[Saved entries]
-=-=-=-=-

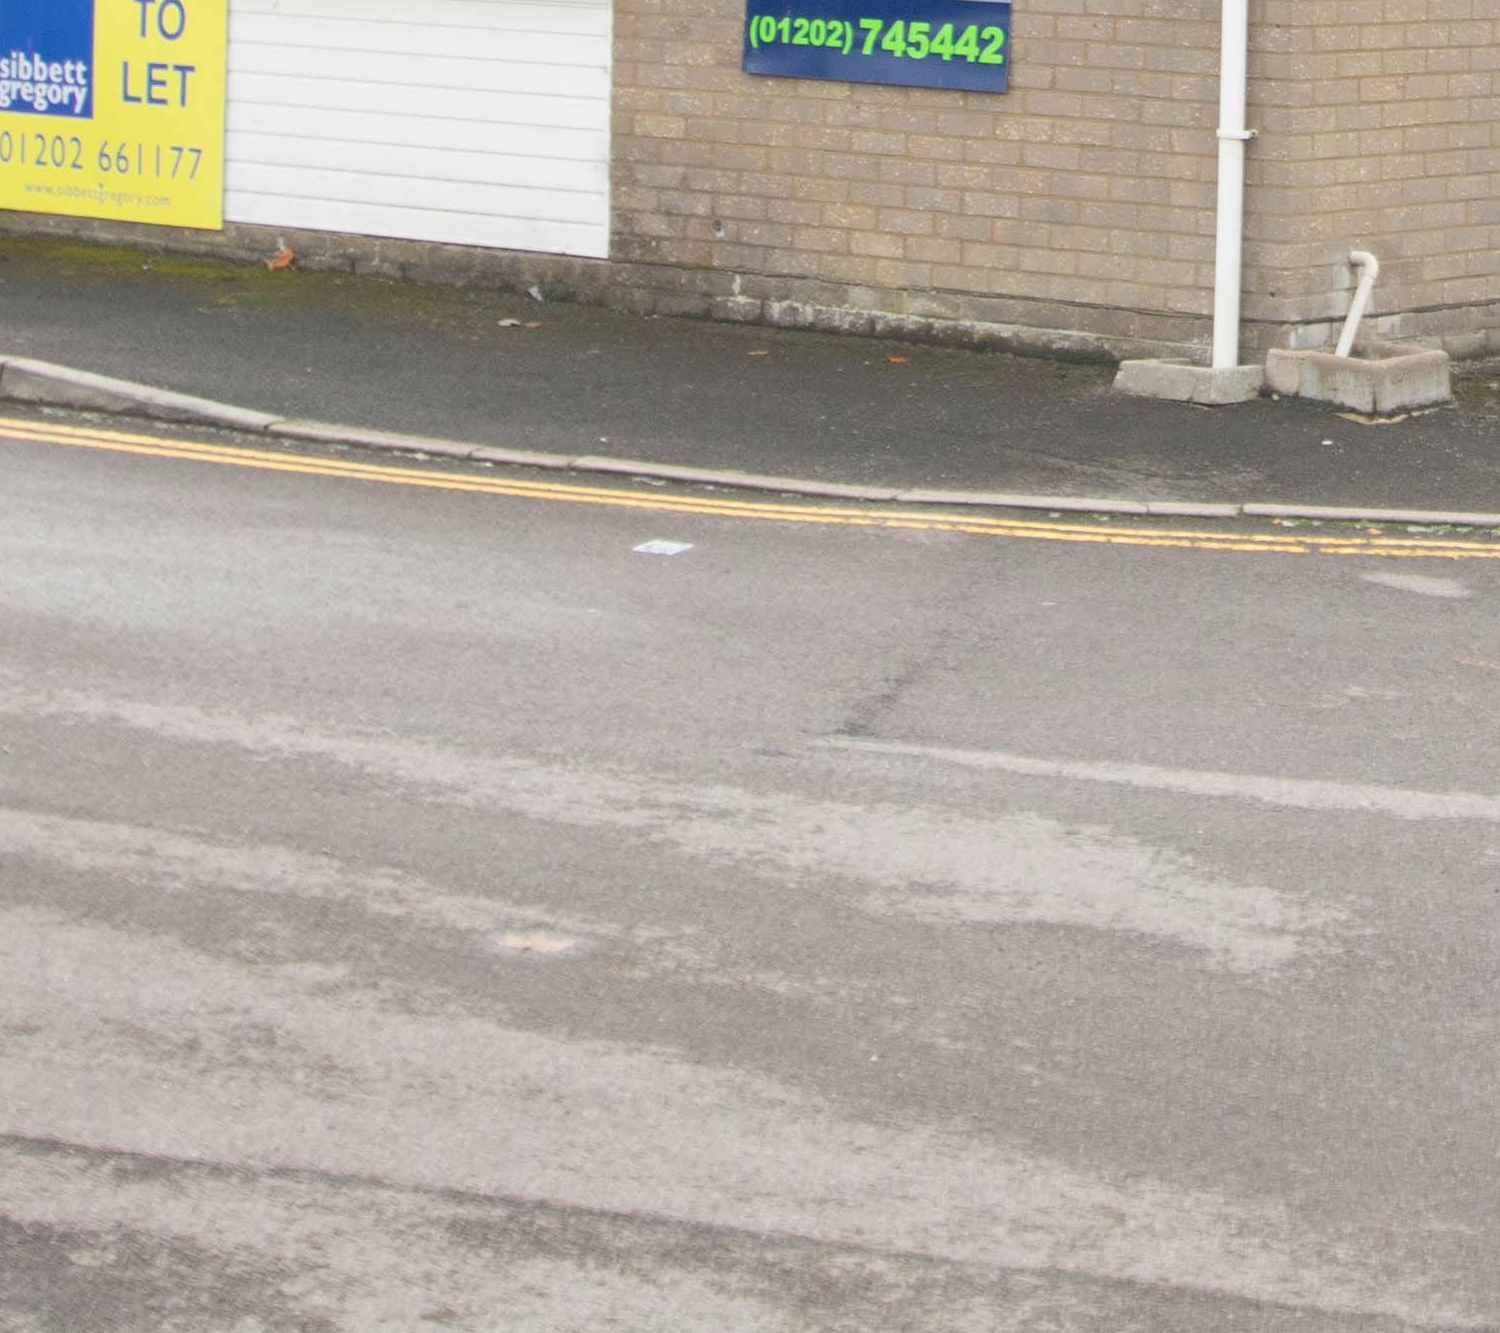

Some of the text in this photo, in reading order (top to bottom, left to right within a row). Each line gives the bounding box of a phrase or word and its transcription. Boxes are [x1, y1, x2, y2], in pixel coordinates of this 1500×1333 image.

[749, 15, 1005, 65] (01202) 745442
[0, 53, 87, 85] sibbett
[122, 62, 196, 108] LET
[0, 131, 203, 181] 01202 661177
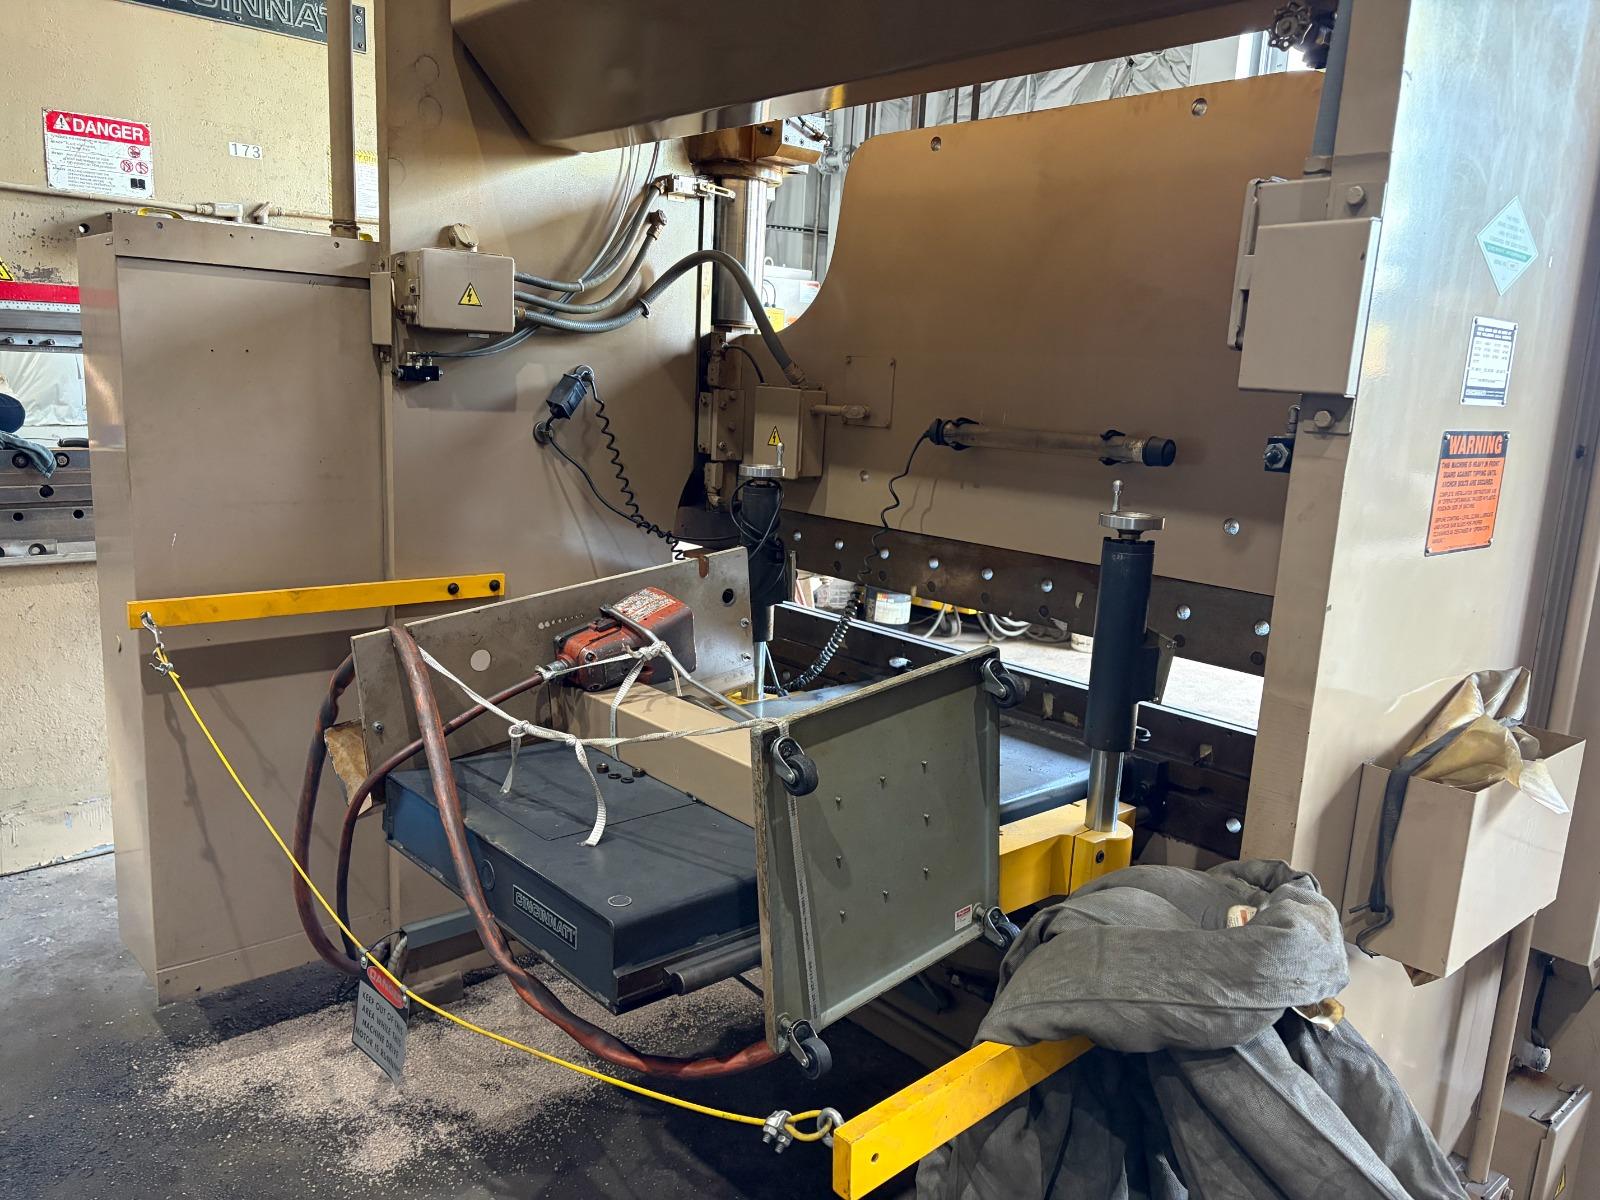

-=-=-=-=-

**TASK**: With the images excluded, output every record verbatim.

**RESPONSE BOX**:
Some of the text in this photo, in reading order (top to bottom, left to right within a row). Each line gives the bounding box of a phrase or word and its transcription. Boxes are [x1, y1, x2, y2], in pixel coordinates of this 1500×1333 image.

[749, 15, 1005, 65] (01202) 745442
[0, 53, 87, 85] sibbett
[122, 62, 196, 108] LET
[0, 131, 203, 181] 01202 661177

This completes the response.